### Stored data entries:
"""

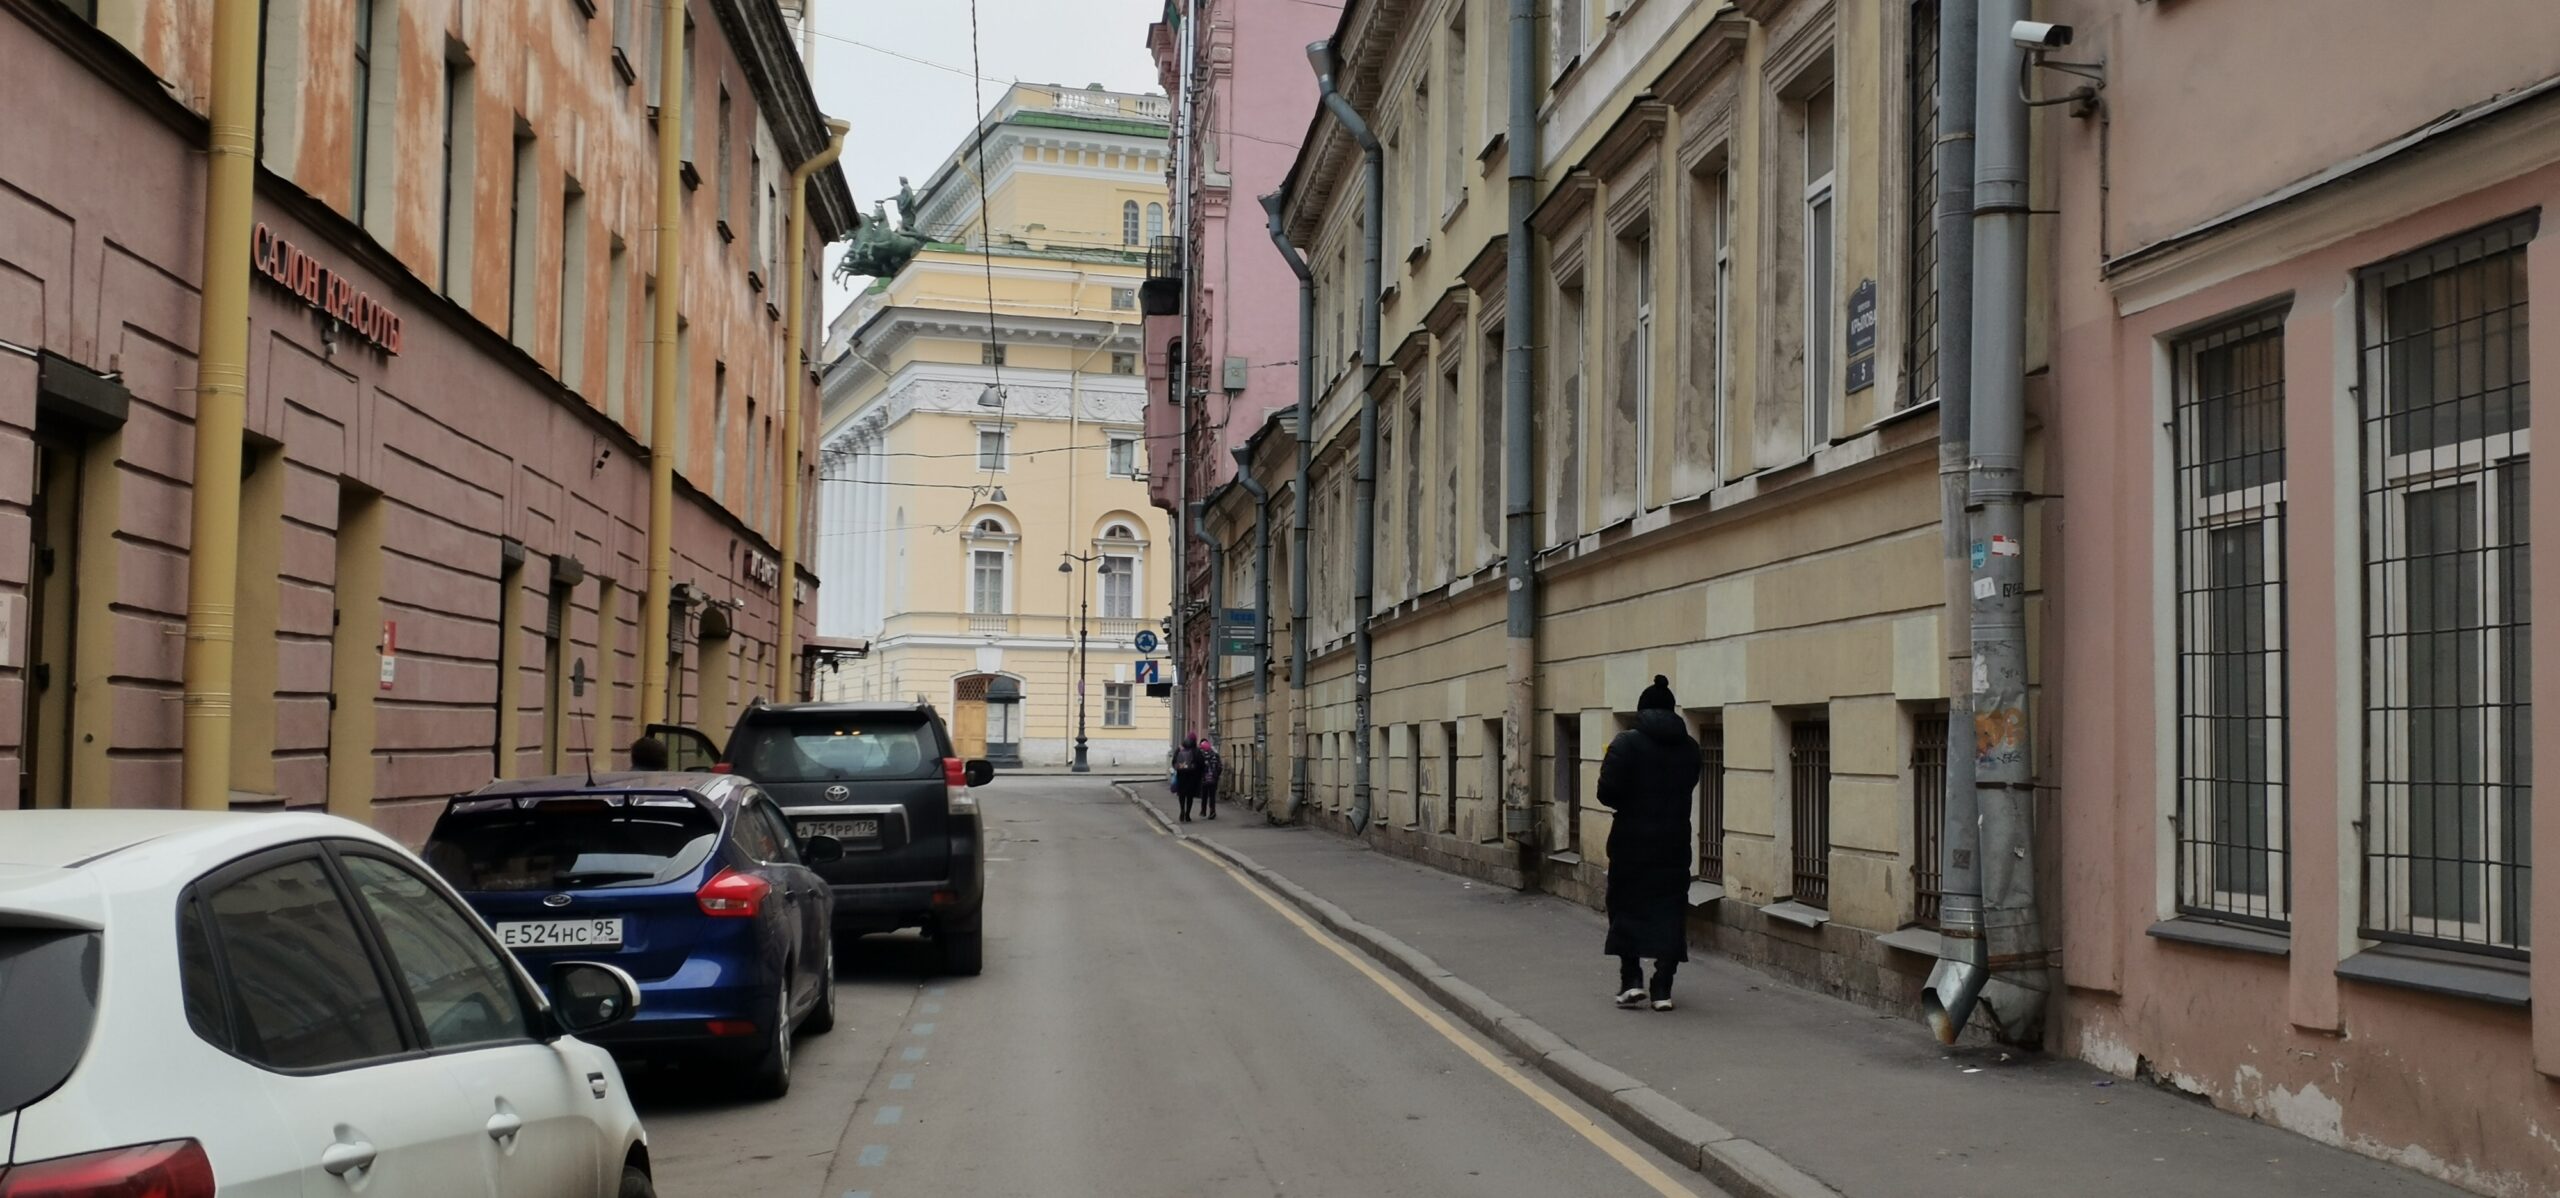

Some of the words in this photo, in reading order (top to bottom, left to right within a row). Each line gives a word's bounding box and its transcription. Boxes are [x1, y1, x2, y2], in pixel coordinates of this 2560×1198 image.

[253, 222, 320, 305] САЛОН
[325, 268, 403, 354] КРАСОТЫ
[1861, 362, 1866, 381] 5
[594, 921, 614, 936] 95
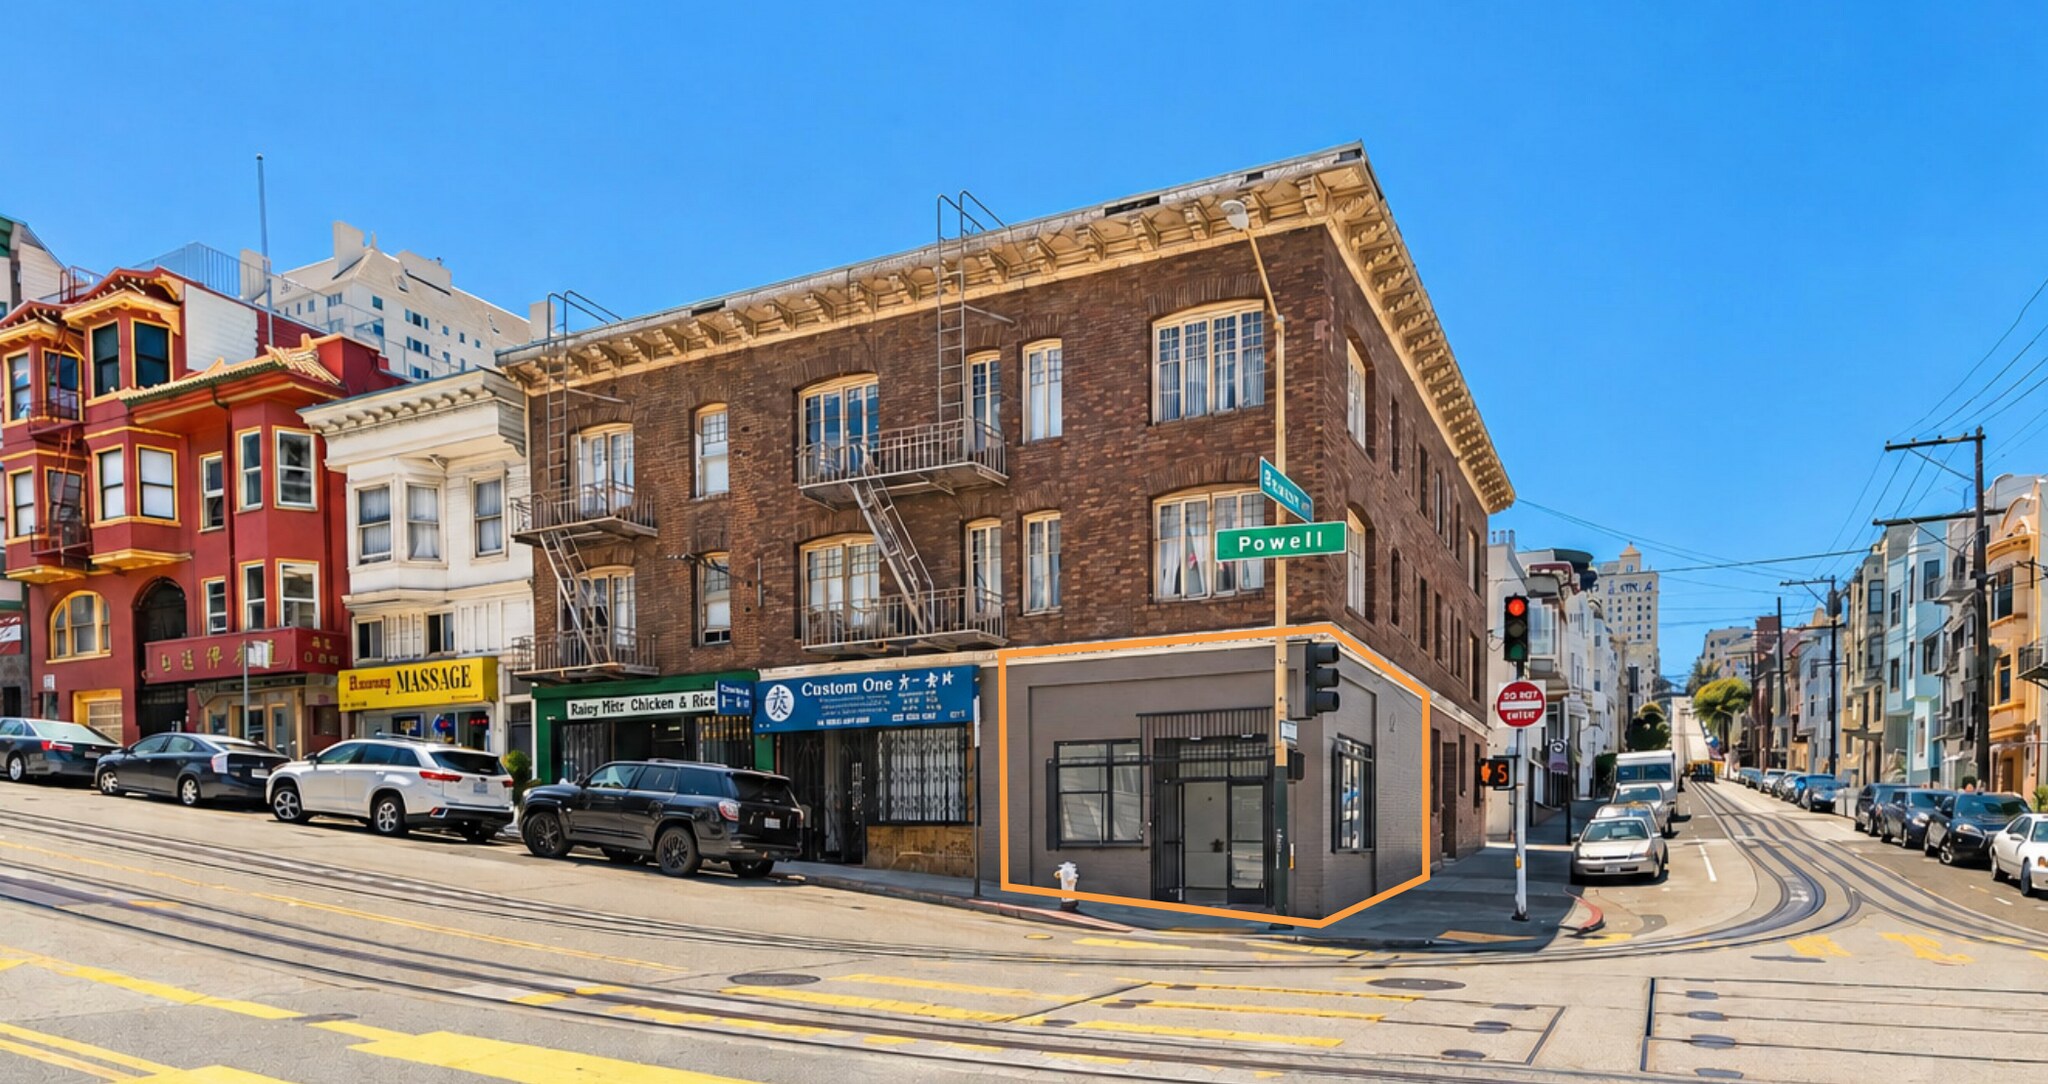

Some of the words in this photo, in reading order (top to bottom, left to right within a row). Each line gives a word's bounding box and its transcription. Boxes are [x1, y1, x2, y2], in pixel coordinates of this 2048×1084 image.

"""

### Problem to solve:
Return every entry word for word, minus the pictures.

### Response to this exercise:
Some of the words in this photo, in reading order (top to bottom, left to right within a row). Each line gives a word's bounding box and its transcription. Boxes are [x1, y1, x2, y2], in pixel coordinates of this 2560×1198 image.

[253, 222, 320, 305] САЛОН
[325, 268, 403, 354] КРАСОТЫ
[1861, 362, 1866, 381] 5
[594, 921, 614, 936] 95

Some of the words in this photo, in reading order (top to bottom, left to right within a row). Each line gives a word's bounding box and its transcription. Boxes are [x1, y1, x2, y2], in pixel coordinates of this 2048×1084 image.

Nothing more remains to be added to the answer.